For religious service number eight out of ten (challenge no. 29), I attended the 11:00 service at the Baha'i ("bah-high") center near Union Square in Manhattan.
I never thought that common sense and religion could or should belong in the same sentence, but Baha'i got the closest to accomplishing that connection for me. The Baha'i faith revolves around the principle of unity and that God has sent nine messengers throughout history, including Abraham, Krishna, Moses, Buddha, Jesus Christ and Mohammed. While the rest of the world separates these prophets into different religions, Baha'is believe that they were each sent by the same God to reach different peoples of the earth. I have always wondered...would I be Muslim if I happened to be born in Iraq? A diehard Catholic if I were from Italy? Why does the location of your birth so often dictate what God you believe in? If I was born in a place where Christianity did not exist and I was never exposed to it, does that mean I am damned to hell in the eyes of Christians?

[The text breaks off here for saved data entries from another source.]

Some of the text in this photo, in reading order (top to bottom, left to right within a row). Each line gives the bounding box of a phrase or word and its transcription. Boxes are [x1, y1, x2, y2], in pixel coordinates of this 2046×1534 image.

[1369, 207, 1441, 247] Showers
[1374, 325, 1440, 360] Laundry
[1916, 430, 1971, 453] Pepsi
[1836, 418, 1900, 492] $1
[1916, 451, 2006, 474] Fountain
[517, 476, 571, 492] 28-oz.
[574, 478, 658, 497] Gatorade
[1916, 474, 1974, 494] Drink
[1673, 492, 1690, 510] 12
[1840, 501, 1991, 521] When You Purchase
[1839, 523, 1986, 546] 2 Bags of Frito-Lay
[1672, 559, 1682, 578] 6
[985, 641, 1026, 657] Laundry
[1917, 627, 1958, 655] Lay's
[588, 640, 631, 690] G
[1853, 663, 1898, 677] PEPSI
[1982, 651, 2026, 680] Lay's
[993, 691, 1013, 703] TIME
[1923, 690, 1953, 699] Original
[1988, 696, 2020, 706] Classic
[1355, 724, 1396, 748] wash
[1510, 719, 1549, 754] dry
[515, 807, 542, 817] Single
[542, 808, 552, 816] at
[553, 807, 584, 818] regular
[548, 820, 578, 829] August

The space at the Baha'i Center of NYC was a small-ish room with a circle of chairs around a table of prayer books in every language you could imagine. We began with introductions. The people in attendance were from China, Russia, Bolivia, Bulgaria, England, Jamaica, Ethiopia, and the United States. The atmosphere was completely relaxed. There was about a half hour of prayer, at which time any member could recite something from a book or from memory or sing, if they felt so inclined. Then we launched into an hour-long discussion of the day's topic: The importance of religion. It was a classroom-esque forum where one person called on others to speak.

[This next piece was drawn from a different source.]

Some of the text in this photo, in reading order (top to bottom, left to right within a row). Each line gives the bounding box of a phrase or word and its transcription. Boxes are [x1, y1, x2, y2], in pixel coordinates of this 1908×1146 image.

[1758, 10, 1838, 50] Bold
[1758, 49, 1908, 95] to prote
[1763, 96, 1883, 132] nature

Within minutes, my mind was racing with these things
called "thoughts." I have them from time to time, but hardly ever does a religious service bring so many to the surface.
One such thought was that so often religious peoples act out of fear. They fear going to hell, so they try to live what they consider to be "good." They fear what others in their community will think of them, so they show up to church every Sunday. They fear other religions, so they close their eyes and their ears to what others have to say.
From what I could gather in my short experience on 11th Street, Baha'is don't act out of fear. They act out of the desire to better humanity and to spread peace and understand throughout the world. They believe the purpose of religion is to establish order in the world and the peaceful contentment of all that dwell therein. Baha'u'llah (the founder of the Baha'i faith) wrote, "Should the lamp of religion be obscured, chaos and confusion with ensue, and the lights of fairness, of justice, of tranquility and peace cease to shine."